This social unrest died down after the proposed bill to extradite Hong Kong citizens to China was pulled off the table. But now Beijing is clamping down hard with its proposed legislation to punish dissent.

Expect the pro-democracy protests to resume again. They may even grow larger. How will China react?

A direct Chinese invasion cannot be ruled out if local authorities cannot squash the unrest.

Of course, that would be the last nail in the coffin of the academic view of China as a good global citizen.

That view was always false, but now even the academics have started to understand what’s really going on.

The situation in Hong Kong today is eerily reminiscent of the days leading up to the Tiananmen Square massacre on 4 June 1989…

In both cases, a particular cause for complaint gave rise to demonstrations, which soon grew and led to wider demands for political liberty and justice. Tiananmen started as a demonstration against inflation, which drew college students and housewives.

At its height, over one million protestors were active in Beijing, while demonstrations sympathising with the Tiananmen protestors appeared in over 400 Chinese cities.

Tiananmen Square is immediately adjacent to the Forbidden City and the Chinese leadership compound, so the demonstrators posed a potential threat to the government itself. Finally, hard-line Communist Party leaders ordered tanks and troops to attack the demonstrators.

No one knows the exact number killed, but estimates range from the low thousands to the tens of thousands. The entire incident has been covered up and is never mentioned in official communications or taught in Chinese schools…

Another Tiananmen Square coming

Last year’s Hong Kong demonstrations began on a small scale to protest a proposed law that would allow extradition of Hong Kong people to Beijing for trial on charges that arose in Hong Kong.

That would have deprived Hong Kong people of legal protections in local law and could have subjected prisoners to torture and summary execution. The demonstrations grew exponentially and involved hundreds of thousands of protestors.

The list of demands also grew to include more democracy and freedom, and adherence to Hong Kong’s rule of law. Now the protests look like they’re starting again, and rightly so. Here’s China’s dilemma…

If Beijing tolerates more protests (and they succeed), they may lead to greater autonomy for Hong Kong at a time when Beijing is trying to strengthen and centralise its control.

But if Beijing cracks down on the protestors, it will have another Tiananmen Square massacre on its hands with two important differences.

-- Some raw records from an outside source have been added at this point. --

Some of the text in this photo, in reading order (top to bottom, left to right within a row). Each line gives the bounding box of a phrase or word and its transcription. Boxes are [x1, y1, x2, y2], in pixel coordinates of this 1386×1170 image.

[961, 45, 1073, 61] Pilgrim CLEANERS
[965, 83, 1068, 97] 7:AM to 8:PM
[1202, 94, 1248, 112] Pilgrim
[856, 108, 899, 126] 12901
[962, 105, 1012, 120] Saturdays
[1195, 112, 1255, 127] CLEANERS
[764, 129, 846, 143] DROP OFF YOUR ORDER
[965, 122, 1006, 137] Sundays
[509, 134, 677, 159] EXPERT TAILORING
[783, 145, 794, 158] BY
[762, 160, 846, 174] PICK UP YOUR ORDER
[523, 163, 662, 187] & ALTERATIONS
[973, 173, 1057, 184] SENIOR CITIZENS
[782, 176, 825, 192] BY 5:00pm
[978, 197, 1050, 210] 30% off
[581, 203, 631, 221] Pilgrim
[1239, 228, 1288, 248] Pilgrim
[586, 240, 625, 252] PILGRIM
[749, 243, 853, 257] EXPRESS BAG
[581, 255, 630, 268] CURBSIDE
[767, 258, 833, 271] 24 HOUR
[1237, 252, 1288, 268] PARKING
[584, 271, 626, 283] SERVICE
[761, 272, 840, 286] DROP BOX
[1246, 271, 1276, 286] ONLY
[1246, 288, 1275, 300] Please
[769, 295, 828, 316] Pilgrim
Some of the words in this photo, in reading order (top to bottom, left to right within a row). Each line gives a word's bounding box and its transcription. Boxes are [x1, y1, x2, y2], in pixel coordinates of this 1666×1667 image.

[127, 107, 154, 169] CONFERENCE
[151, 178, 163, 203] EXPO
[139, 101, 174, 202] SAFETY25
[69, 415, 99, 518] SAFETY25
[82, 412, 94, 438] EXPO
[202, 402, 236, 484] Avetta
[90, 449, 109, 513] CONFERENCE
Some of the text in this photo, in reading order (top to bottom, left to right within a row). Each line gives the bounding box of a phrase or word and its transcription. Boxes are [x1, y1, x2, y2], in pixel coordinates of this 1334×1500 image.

Hong Kong is a major city and will not be as easy to control as a confined square in Beijing.

And the rise of social media, mobile devices, and live streaming guarantee that Beijing will not be able to hide or cover up any atrocities.

The jury is out on which path the Communists would take. But with China’s increasing belligerence in the region, don’t count out a strong response.

Unfortunately, the resolution may not be the peaceful one hoped for but another bloody massacre.

With the US warning China against strong action in Hong Kong, let’s just hope the situation doesn’t light a powder keg resulting in a shooting war.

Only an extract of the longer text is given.